On 19 May 1943 the Sisters took charge of the Seth Mulchand Municipal Maternity Home on Britto Road. The sisters administered the maternity home efficiently for over thirty-five years. The sisters opened a chapel dedicated to St. Clare, and daily Mass was attended by residents of Soldier Bazaar and Catholic Colony. After Independence the sisters visited the Catholic residents of Soldier Bazaar regularly, teaching catechism and preparing children for the sacraments. They visited the sick and the aged of Soldier Bazaar and Catholic Colony, administering medication and checking blood pressure.

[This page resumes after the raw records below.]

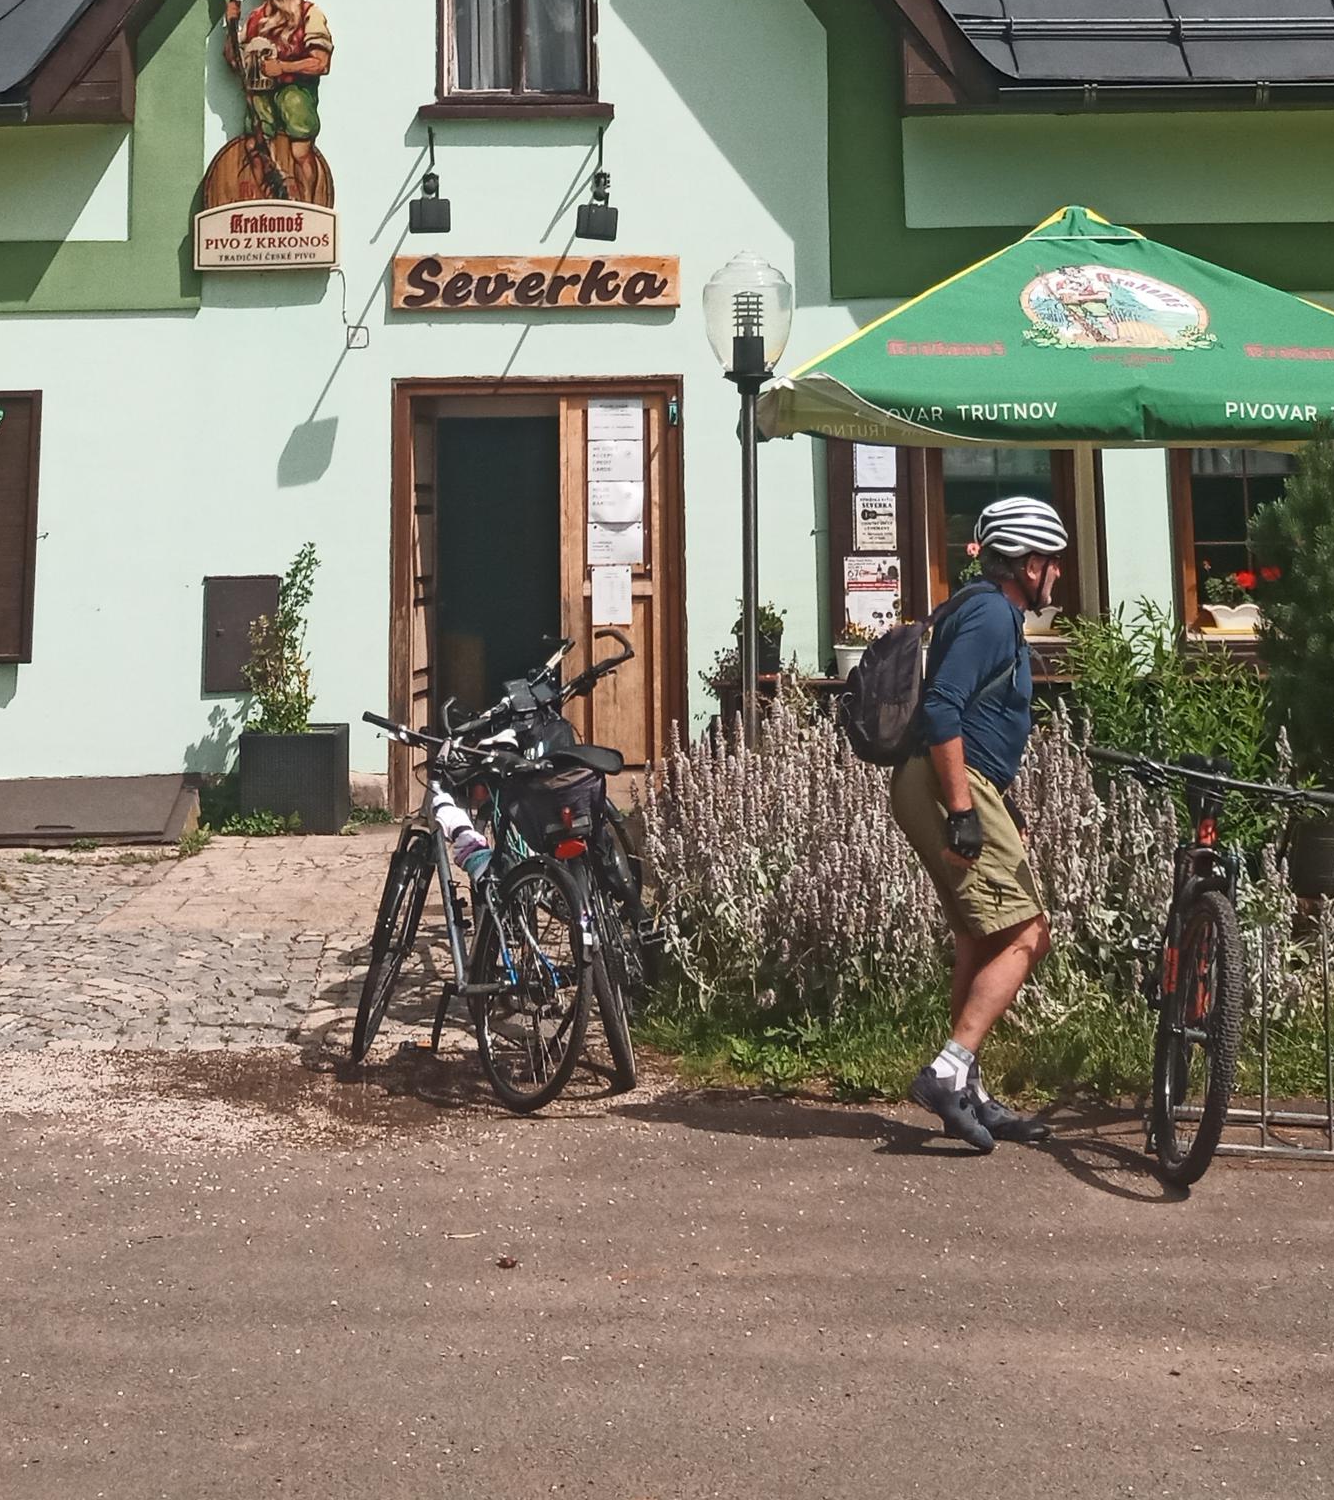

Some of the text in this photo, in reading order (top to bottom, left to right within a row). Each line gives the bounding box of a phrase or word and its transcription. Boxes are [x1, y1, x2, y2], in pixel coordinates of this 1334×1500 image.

[230, 213, 304, 234] Krakonoš
[205, 234, 329, 250] PIVO Z KRKONOŠ
[219, 252, 262, 261] TRADIČNÍ
[294, 252, 316, 260] PIVO
[403, 257, 668, 307] Severka
[886, 402, 1058, 422] OVAR TRUTNOV
[1225, 402, 1318, 421] PIVOVAR

They relinquished their charge of the Home on 18 April 1979.
Darul Sukun in Karachi, a home for children and adults with physical and mental disabilities, was founded and is run by the Sisters. On March 23, 1989 Sister Gertrude Lemmens, F.M.C.K., received the Sitara-i-Quaid-i-Azam award in recognition of her work at Darul Sukun and for founding other homes for the physically and mentally handicapped, the aged and homeless.

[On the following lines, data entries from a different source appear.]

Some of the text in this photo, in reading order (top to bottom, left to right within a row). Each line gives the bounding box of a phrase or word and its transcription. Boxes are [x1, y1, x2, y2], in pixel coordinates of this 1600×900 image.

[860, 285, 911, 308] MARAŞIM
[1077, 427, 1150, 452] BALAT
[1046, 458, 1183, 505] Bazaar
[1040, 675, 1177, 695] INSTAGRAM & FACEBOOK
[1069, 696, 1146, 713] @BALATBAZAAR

Sr. Mathilda Pereira joined the congregation in 1944. In 1968 she was appointed the Mother General of the Order and served for three six-year terms.
In 2010 in Pakistan there were 61 sisters still working in their various homes and ministries. For the last fifty years they have also been managing the St. Vincent's Home for the Aged in Karachi, built by the Society of St Vincent de Paul.
The congregation also has a school near the tomb of Muhammad Ali Jinnah in Karachi. Sister Catherine Wilson, F.M.C.K., is the principal.
Shortly after its founding, Mother Bridget traveled back to her native region with some companions from her new congregation, and established the congregation there. It has since spread to various remote parts of India. The congregation also helped to train the first of the Poor Sisters of Our Lady, a congregation founded in Mumbai, India, in 1939.
In 2006, 4 sisters started working in Sri Lanka.
Due to the increasing numbers of members and apostolates spread through various regions of India, Pakistan and Sri Lanka, a need was felt to decentralize the administration for better efficiency and organization. During its 10th General Chapter held in 2005, the congregation decided to divide its administration into two provinces: the Province of St Francis of Assisi in Pakistan and St. Clare's Province in India. The Province in India consists of the Archdiocese of Goa and Daman, Archdiocese of Mumbai, Dioceses of Vasai and Pune.
Sister Pushpa Abraham, F.M.K.C., was elected as the new Superior General of the congregation on June 6, 2010, at their Generalate in Old Goa. There are 174 sisters working in remote areas all over India.
A Formation House (a centre of learning for women who wish to enter the congregation) and Generalate (centre of administration) for the Franciscan Missionaries of Christ the King was constructed in Old Goa in 2005. It consists of classrooms, dormitories, refectory with kitchen and a chapel in a two-story building.